Maria Cristina Bandera

La grande mostra dedicata al pittore bolognese Giorgio Morandi 1890-1964, che squaderna più di cento dipinti, circa trenta incisioni - talora affiancate dalle matrici di rame - e una nutrita selezione di disegni e di acquerelli, rappresenta un’eccezionale opportunità di vedere capolavori in molti casi difficilmente accessibili, ma soprattutto di entrare in contatto diretto con le opere dell’artista e di ripercorrerne il cammino. 

Nonostante le novità e l’autonomia della sua pittura, il legame profondo dell’artista con la tradizione è testimoniato dal suo modo di lavorare quasi da antica bottega per quella sua attenzione a tutti gli aspetti costitutivi di un’opera d’arte: il “motivo”, le tele, i telai, i colori. Alcune lettere dei suoi anni giovanili documentano la sua meticolosa ricerca per i colori che spesso macinava personalmente per poi diluirli con il solvente apposito. Il 14 ottobre 1919 Morandi riferisce a Carlo Carrà di avere trovato «in una mesticheria gli ultimi pezzi di una bella terra rossa che veniva levata una volta nei dintorni di Assisi e che da molto tempo non si trova più. Mescolata al bianco dà un rosa molto bello come si vede negli affreschi antichi. Se come faccio io Lei si macina i colori me lo dica che gliene manderò alcuni pezzi».


Fiori (1950).

Alcune lettere dei suoi anni giovanili documentano la sua meticolosa ricerca per i colori che spesso macinava personalmente per poi diluirli con il solvente apposito


Poco dopo sappiamo di una sua richiesta a Giuseppe Raimondi, redattore di “La Ronda” a Roma: «Grazie tanto dei colori. Solo che invece di terra di Siena bruciata molto scura mi hai mandato della terra d’ombra. Ma per ora non mandarmi altro perché del nero ne ho trovato del buonissimo qui». 
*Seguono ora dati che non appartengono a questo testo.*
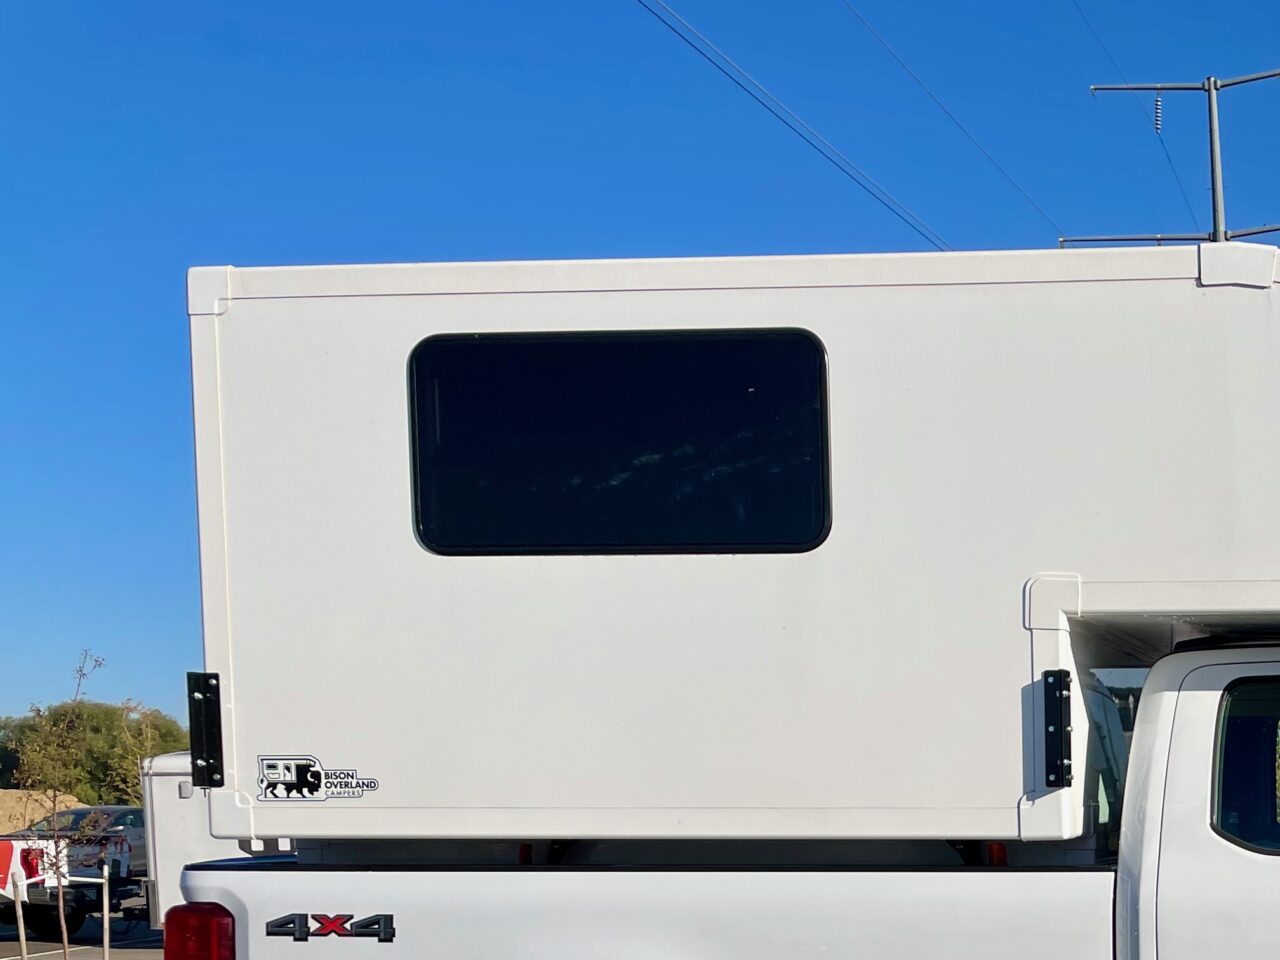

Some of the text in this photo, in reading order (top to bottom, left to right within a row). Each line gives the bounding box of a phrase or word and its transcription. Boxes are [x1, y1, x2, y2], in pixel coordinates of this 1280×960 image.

[324, 771, 355, 780] BISON
[324, 780, 376, 789] OVERLAND
[324, 789, 361, 797] CAMPERS
Negli anni a seguire Morandi si affidò ai colori Wibert, Lefranc e Winsor & Newton. Quando negli anni del secondo conflitto bellico gli vennero a mancare incaricò gli amici Cesare Brandi e Luigi Magnani di procurarglieli in occasione dei loro viaggi all’estero e diede loro indicazioni accurate. Allo storico dell’arte, nel 1941, scrisse: «La ringrazio tanto delle boccette di vernice. Mi saprà poi dire quanto Le devo. Per ora non me ne occorre altra perché da Milano me ne hanno già procurato della Wibert. Riguardo ai colori Lefranc non mi occorre che il giallo di cromo scuro. 

Ma solo se si tratta di colori fini non da decorazione. 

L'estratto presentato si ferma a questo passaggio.